§ **Task instructions**: Copy down every line of the data that follows exactly. Omit the pictures.

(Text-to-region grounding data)
---

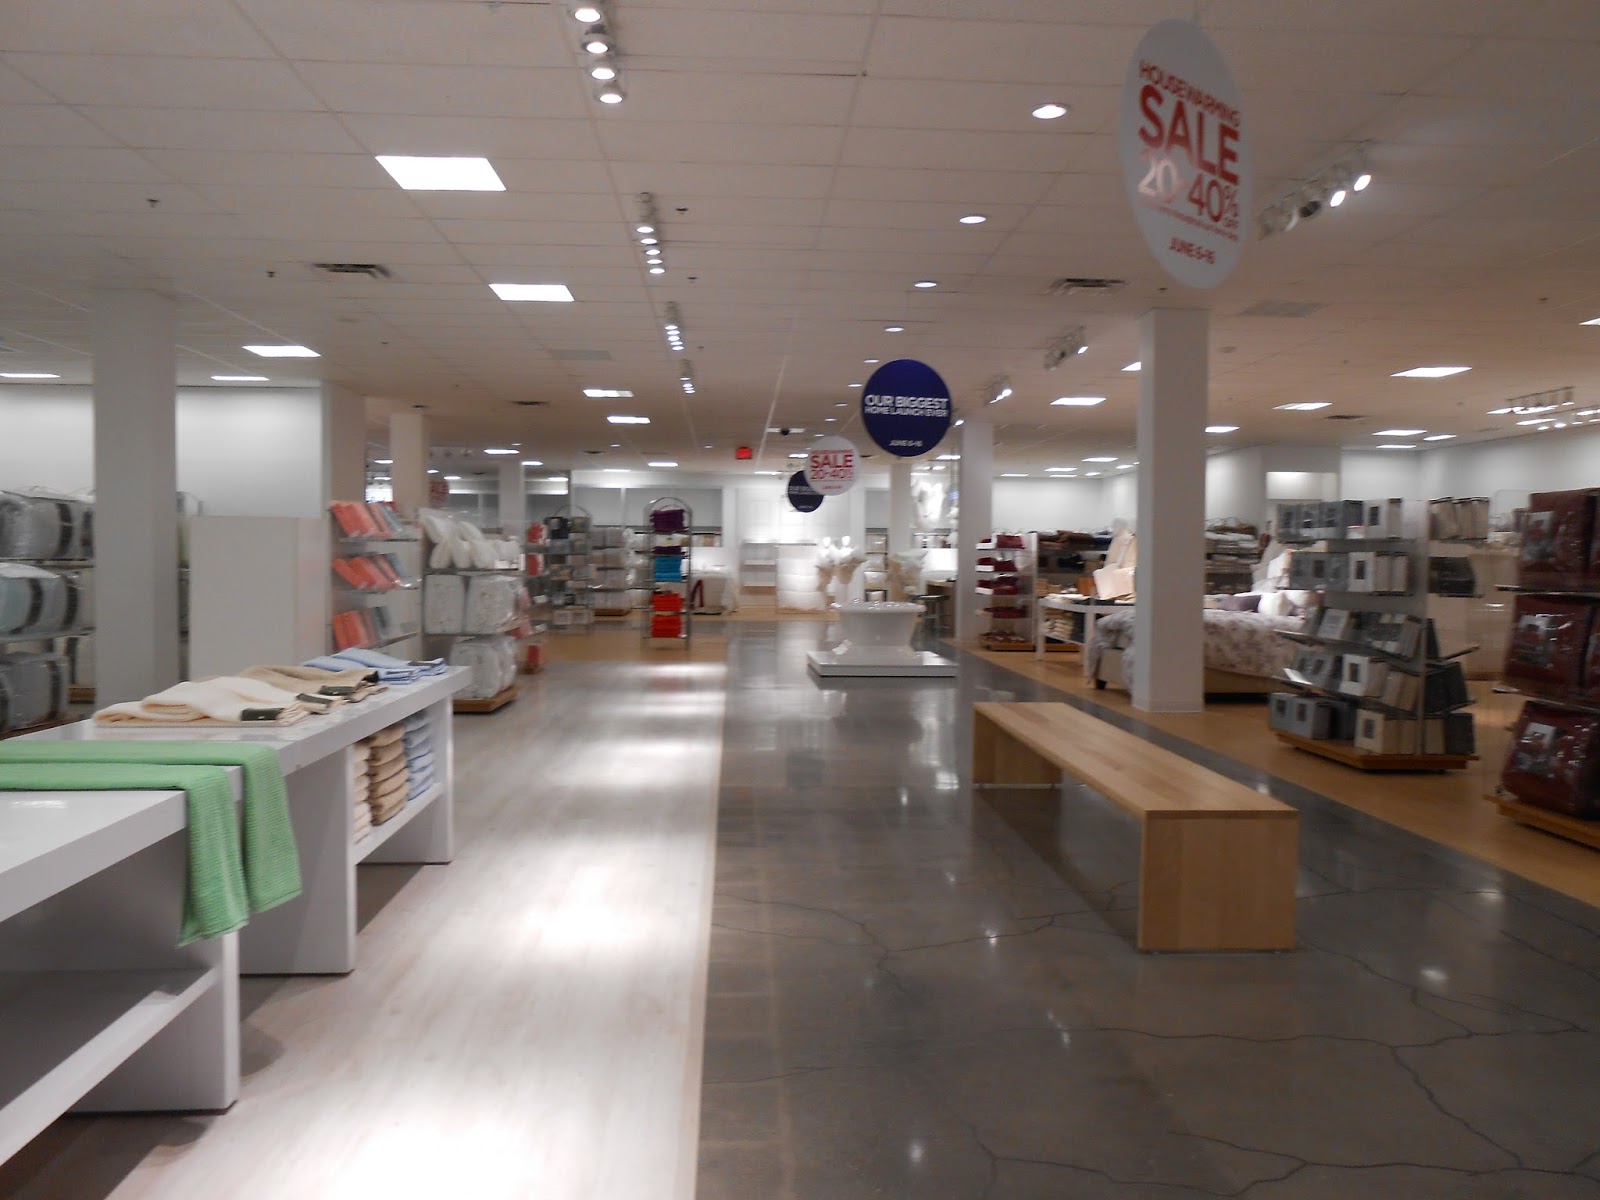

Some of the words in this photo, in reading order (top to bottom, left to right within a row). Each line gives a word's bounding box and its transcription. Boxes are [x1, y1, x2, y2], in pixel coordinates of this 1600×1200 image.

[1138, 84, 1240, 186] SALE
[1169, 237, 1196, 257] JUNE
[864, 394, 894, 407] OUR
[894, 396, 949, 409] BIGGEST
[864, 406, 890, 415] HOME
[810, 453, 853, 468] SALE

---

§ **Answer space**:
Some of the words in this photo, in reading order (top to bottom, left to right within a row). Each line gives a word's bounding box and its transcription. Boxes are [x1, y1, x2, y2], in pixel coordinates of this 1600×1200 image.

[1138, 84, 1240, 186] SALE
[1169, 237, 1196, 257] JUNE
[864, 394, 894, 407] OUR
[894, 396, 949, 409] BIGGEST
[864, 406, 890, 415] HOME
[810, 453, 853, 468] SALE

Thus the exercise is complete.